**BRIEF:**
What is needed is an exact copy of every entry, without the pictures.
-- Opening Marker --
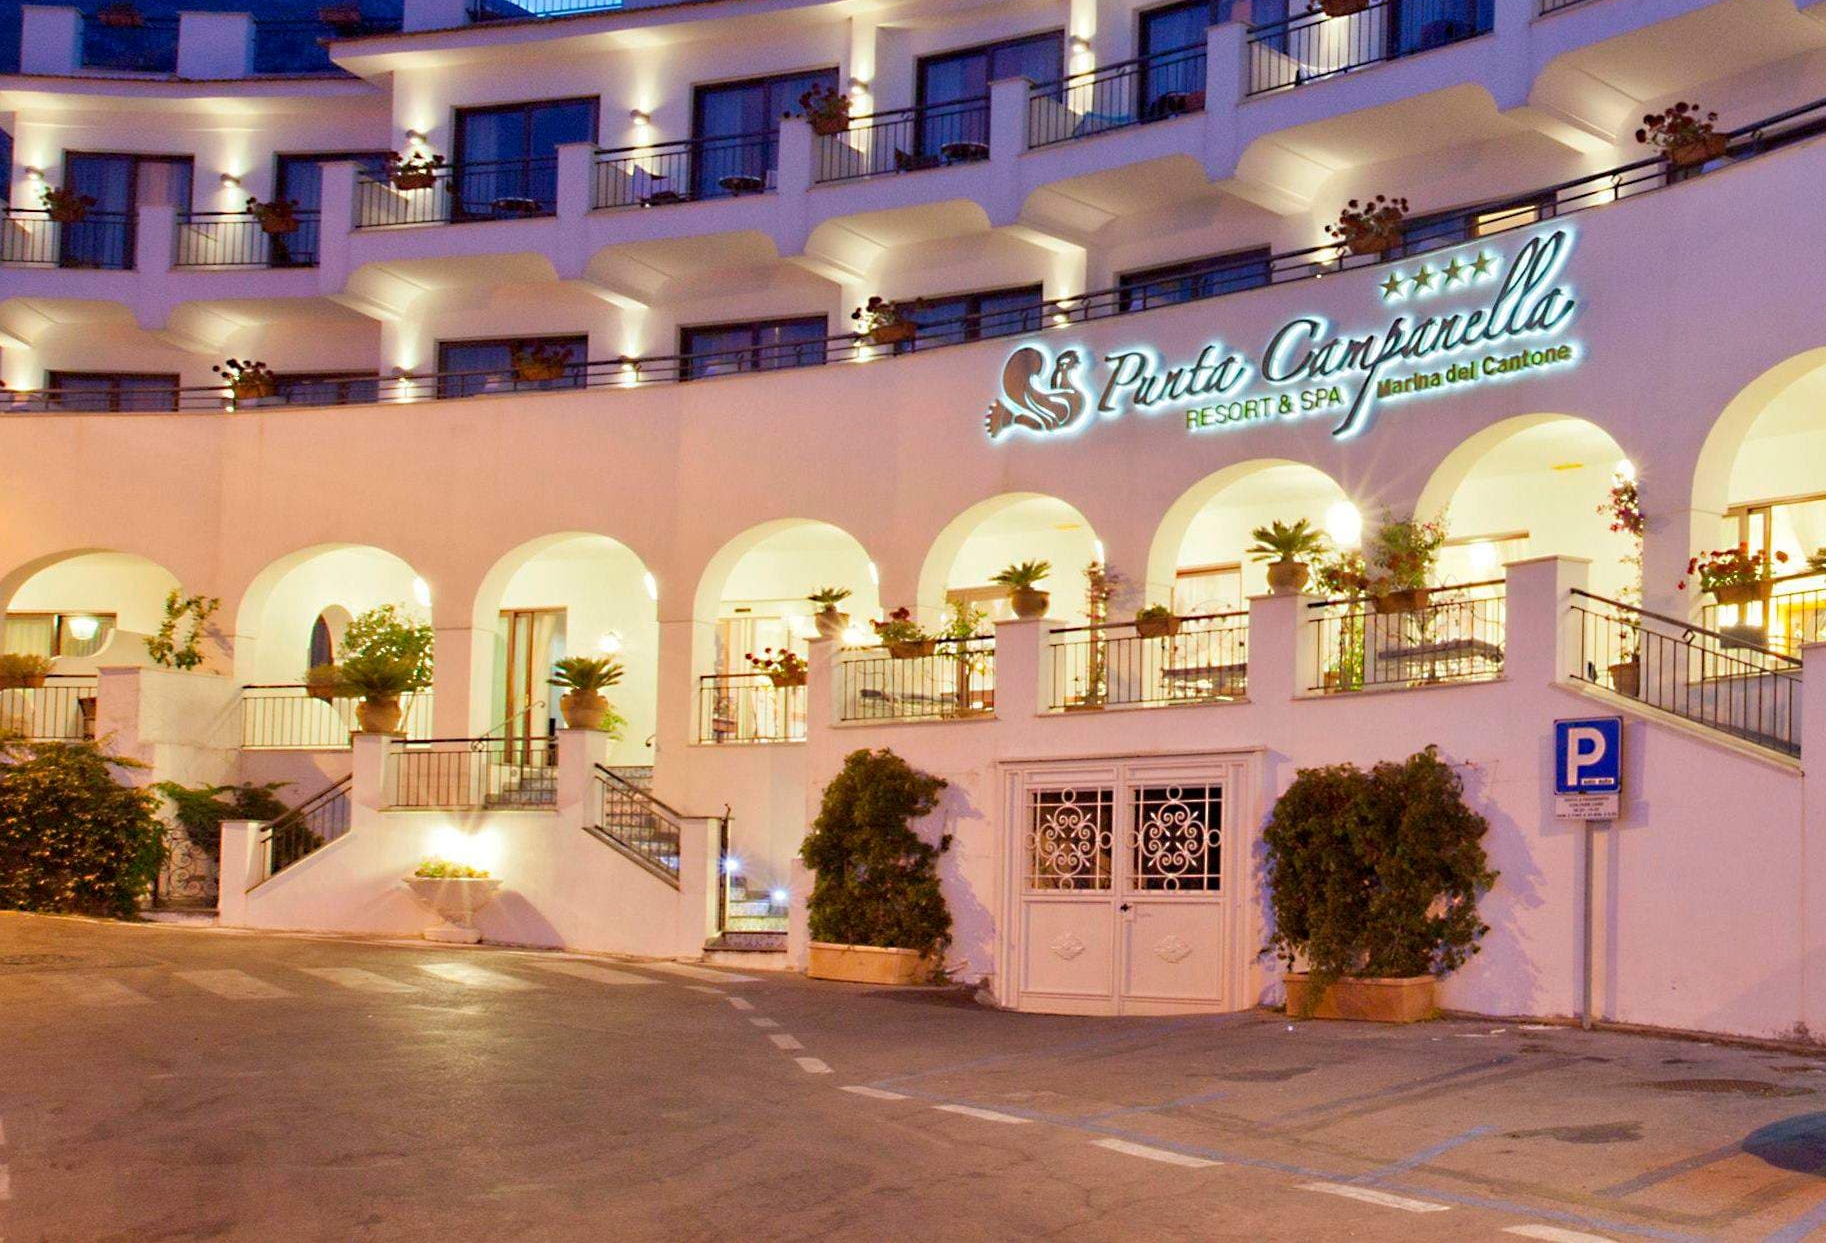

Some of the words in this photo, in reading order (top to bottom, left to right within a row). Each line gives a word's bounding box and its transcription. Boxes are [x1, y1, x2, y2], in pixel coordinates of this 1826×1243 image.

[1097, 344, 1247, 412] Punta
[1261, 230, 1576, 436] Campanella
[1377, 373, 1441, 399] Marina
[1446, 362, 1475, 383] del
[1482, 342, 1573, 376] Cantone
[1186, 397, 1271, 429] RESORT
[1278, 393, 1293, 415] &
[1300, 386, 1342, 410] SPA
[1567, 727, 1606, 786] P
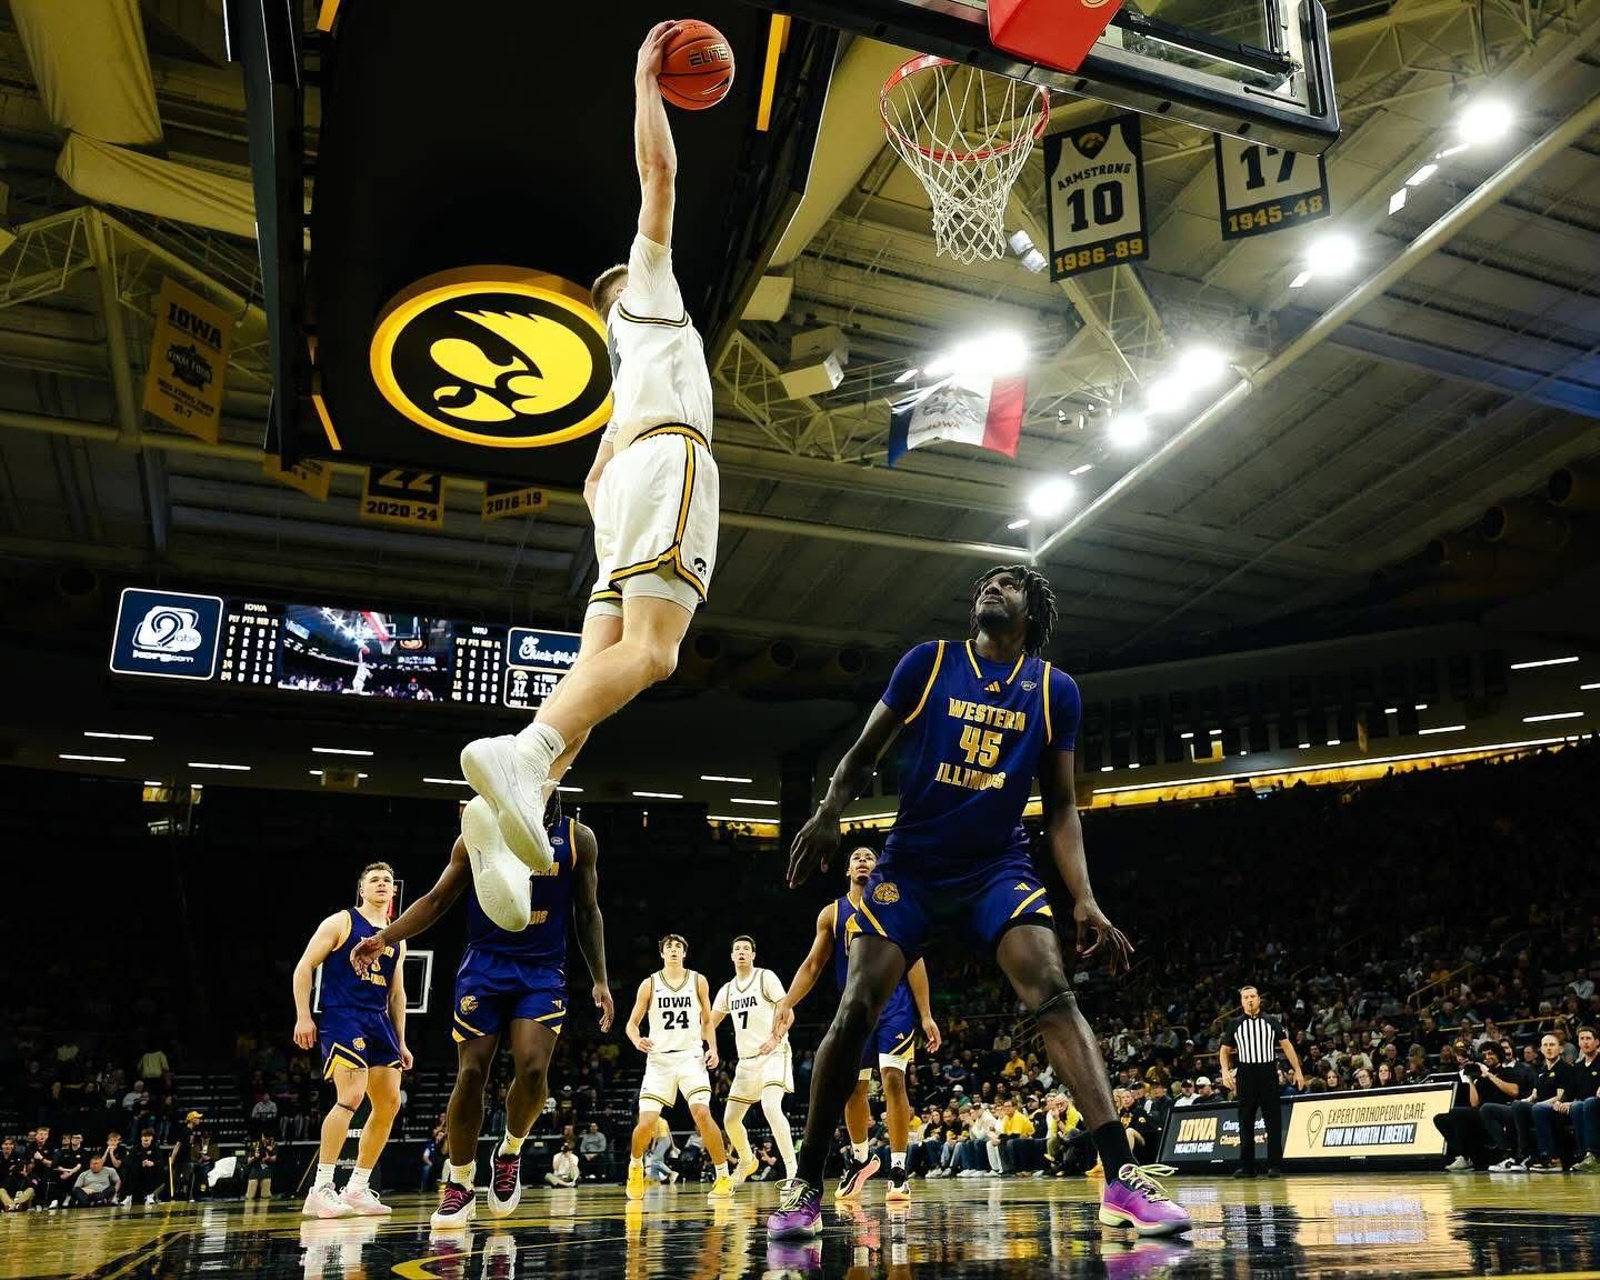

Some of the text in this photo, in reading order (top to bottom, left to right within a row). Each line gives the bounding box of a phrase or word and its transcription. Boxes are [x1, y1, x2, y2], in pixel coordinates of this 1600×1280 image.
-- Closing Marker --
**RESPONSE FOR THIS EXERCISE:**
Some of the words in this photo, in reading order (top to bottom, left to right within a row). Each line gives a word's bounding box and its transcription. Boxes are [x1, y1, x2, y2], in pixel coordinates of this 1826×1243 image.

[1097, 344, 1247, 412] Punta
[1261, 230, 1576, 436] Campanella
[1377, 373, 1441, 399] Marina
[1446, 362, 1475, 383] del
[1482, 342, 1573, 376] Cantone
[1186, 397, 1271, 429] RESORT
[1278, 393, 1293, 415] &
[1300, 386, 1342, 410] SPA
[1567, 727, 1606, 786] P

Some of the text in this photo, in reading order (top to bottom, left to right within a row). Each line gives the bounding box of a phrase or word and its transcription. Boxes are [x1, y1, x2, y2], in pixel coordinates of this 1600×1280 image.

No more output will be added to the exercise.